Locate the line that contains "this 1547×1920 image.". Copy it and every following line through the end of the records, exactly, and include nothing else.
********
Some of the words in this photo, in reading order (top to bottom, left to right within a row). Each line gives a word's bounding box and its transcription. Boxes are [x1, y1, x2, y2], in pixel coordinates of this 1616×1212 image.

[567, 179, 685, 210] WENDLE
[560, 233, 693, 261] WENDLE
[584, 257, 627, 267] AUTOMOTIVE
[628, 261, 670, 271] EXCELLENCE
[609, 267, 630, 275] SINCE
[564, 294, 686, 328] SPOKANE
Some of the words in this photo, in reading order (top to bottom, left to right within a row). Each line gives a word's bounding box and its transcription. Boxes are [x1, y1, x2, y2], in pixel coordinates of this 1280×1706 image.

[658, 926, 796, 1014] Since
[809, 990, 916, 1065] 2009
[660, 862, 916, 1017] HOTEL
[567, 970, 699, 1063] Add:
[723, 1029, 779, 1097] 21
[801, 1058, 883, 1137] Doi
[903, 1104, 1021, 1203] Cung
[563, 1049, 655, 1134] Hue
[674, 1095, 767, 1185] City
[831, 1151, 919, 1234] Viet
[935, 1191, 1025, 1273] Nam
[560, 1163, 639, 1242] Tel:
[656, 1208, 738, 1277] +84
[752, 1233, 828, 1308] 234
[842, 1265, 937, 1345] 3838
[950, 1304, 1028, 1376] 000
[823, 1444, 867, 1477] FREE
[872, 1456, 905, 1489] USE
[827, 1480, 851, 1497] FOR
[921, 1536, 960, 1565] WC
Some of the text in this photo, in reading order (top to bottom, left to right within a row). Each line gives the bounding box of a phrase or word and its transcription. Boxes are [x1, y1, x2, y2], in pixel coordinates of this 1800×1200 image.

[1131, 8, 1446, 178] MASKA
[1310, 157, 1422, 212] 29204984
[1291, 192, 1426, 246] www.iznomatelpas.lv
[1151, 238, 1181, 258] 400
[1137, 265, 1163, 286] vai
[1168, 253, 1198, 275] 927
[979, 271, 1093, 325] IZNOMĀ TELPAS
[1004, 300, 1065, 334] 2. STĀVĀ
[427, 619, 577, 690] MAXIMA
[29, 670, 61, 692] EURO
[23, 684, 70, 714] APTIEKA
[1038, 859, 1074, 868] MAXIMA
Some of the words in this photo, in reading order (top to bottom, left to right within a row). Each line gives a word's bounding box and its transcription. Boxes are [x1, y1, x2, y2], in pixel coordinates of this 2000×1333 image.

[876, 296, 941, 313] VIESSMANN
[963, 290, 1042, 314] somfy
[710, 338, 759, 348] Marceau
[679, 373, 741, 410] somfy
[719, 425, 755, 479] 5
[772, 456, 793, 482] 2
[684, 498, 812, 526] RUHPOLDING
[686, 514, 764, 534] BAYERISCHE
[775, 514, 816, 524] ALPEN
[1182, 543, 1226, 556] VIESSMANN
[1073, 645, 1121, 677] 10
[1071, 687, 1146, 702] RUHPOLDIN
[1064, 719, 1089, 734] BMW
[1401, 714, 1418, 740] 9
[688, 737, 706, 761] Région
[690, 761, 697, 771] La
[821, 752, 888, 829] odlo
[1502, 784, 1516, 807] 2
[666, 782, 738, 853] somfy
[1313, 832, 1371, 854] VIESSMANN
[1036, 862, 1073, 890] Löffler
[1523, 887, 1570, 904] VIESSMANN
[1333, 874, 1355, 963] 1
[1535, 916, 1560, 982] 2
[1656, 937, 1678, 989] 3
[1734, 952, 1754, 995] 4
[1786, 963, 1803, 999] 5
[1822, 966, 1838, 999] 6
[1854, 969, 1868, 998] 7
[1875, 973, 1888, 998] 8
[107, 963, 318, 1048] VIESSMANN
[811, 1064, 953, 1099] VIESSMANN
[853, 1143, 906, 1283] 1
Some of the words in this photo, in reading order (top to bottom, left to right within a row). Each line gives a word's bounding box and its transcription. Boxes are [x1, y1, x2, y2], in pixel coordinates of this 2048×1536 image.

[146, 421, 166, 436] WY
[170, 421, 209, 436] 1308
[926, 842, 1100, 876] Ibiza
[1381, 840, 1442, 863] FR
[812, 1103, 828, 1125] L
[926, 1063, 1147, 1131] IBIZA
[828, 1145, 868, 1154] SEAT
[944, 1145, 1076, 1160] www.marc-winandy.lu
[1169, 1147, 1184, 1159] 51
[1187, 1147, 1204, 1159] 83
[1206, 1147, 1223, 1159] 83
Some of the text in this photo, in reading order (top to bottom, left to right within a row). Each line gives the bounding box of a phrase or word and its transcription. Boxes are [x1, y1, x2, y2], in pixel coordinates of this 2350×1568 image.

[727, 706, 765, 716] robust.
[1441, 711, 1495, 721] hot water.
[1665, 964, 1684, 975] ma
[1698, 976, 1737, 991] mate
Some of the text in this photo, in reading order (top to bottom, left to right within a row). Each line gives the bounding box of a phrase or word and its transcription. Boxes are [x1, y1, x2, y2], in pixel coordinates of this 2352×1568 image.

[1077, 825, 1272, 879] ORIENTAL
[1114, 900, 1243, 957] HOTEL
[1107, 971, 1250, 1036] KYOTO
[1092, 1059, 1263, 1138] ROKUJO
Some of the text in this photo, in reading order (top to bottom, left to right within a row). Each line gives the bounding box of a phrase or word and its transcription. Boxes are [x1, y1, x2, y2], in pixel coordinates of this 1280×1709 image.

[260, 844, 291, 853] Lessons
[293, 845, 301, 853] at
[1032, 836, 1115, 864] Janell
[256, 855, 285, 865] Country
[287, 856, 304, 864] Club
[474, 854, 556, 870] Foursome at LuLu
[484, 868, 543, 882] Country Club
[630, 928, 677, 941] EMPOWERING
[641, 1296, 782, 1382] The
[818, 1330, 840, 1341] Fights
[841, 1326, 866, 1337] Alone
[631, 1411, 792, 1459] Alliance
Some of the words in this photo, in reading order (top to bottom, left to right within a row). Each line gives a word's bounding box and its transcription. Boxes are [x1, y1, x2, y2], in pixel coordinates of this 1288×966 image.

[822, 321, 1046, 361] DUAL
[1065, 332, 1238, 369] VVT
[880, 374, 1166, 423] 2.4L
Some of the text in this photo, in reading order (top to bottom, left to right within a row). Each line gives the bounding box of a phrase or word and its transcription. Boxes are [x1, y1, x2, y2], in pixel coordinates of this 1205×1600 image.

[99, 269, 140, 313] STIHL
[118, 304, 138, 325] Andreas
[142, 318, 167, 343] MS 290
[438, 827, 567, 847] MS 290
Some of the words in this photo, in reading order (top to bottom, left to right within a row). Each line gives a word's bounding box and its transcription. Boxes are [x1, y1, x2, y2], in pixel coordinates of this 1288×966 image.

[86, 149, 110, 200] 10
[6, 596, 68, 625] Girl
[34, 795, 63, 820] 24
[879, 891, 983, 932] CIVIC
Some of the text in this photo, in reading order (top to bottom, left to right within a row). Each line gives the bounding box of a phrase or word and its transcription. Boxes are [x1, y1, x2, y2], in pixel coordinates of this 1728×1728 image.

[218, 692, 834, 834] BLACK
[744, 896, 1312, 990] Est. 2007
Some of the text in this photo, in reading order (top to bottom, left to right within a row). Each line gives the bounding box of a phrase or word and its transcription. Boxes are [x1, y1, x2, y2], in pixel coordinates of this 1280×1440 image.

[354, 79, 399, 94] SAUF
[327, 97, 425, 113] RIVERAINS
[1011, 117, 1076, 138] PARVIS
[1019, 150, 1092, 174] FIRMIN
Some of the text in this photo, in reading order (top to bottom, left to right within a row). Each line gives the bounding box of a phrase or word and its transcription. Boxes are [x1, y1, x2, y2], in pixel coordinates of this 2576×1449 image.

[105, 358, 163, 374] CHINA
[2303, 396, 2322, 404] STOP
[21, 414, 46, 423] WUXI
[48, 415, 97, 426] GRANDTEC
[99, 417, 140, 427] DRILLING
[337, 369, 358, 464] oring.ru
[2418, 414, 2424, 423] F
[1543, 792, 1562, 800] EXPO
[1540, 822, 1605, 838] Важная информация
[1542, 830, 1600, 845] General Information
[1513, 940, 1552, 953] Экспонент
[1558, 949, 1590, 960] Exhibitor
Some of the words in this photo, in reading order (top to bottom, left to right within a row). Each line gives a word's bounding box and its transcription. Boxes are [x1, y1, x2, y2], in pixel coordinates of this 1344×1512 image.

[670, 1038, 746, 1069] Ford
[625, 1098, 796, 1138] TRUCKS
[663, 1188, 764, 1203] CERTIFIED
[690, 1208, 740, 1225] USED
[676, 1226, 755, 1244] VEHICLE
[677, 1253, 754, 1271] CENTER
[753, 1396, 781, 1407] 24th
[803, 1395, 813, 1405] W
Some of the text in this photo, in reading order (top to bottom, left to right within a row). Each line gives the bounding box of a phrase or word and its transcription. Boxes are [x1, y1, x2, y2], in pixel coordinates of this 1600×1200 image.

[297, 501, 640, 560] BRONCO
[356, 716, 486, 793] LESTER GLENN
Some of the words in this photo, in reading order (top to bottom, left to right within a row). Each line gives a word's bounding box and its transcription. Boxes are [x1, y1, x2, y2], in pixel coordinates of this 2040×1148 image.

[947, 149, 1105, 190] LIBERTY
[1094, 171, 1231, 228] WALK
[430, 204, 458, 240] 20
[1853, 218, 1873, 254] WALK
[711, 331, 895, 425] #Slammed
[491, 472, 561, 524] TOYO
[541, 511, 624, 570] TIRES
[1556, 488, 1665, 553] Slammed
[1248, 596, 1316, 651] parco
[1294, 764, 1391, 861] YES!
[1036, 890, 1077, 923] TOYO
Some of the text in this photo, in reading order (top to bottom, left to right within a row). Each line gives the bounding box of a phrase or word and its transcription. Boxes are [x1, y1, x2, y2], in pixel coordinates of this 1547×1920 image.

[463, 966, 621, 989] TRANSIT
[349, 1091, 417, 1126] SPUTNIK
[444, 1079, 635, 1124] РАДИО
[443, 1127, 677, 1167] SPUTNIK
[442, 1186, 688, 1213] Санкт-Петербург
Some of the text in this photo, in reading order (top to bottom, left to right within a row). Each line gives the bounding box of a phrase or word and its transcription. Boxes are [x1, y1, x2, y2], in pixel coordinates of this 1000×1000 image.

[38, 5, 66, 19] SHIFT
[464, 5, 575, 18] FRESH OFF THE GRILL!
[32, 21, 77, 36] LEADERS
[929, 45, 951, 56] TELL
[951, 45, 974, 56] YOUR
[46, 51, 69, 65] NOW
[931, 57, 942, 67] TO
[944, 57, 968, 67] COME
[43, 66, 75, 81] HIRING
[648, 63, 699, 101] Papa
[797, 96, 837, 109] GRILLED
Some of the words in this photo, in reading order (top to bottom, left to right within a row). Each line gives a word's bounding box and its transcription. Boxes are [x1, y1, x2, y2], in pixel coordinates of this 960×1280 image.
********
> **Written answer**
Some of the text in this photo, in reading order (top to bottom, left to right within a row). Each line gives the bounding box of a phrase or word and its transcription. Boxes are [x1, y1, x2, y2], in pixel coordinates of this 1547×1920 image.

[463, 966, 621, 989] TRANSIT
[349, 1091, 417, 1126] SPUTNIK
[444, 1079, 635, 1124] РАДИО
[443, 1127, 677, 1167] SPUTNIK
[442, 1186, 688, 1213] Санкт-Петербург
Some of the text in this photo, in reading order (top to bottom, left to right within a row). Each line gives the bounding box of a phrase or word and its transcription. Boxes are [x1, y1, x2, y2], in pixel coordinates of this 1000×1000 image.

[38, 5, 66, 19] SHIFT
[464, 5, 575, 18] FRESH OFF THE GRILL!
[32, 21, 77, 36] LEADERS
[929, 45, 951, 56] TELL
[951, 45, 974, 56] YOUR
[46, 51, 69, 65] NOW
[931, 57, 942, 67] TO
[944, 57, 968, 67] COME
[43, 66, 75, 81] HIRING
[648, 63, 699, 101] Papa
[797, 96, 837, 109] GRILLED
Some of the words in this photo, in reading order (top to bottom, left to right within a row). Each line gives a word's bounding box and its transcription. Boxes are [x1, y1, x2, y2], in pixel coordinates of this 960×1280 image.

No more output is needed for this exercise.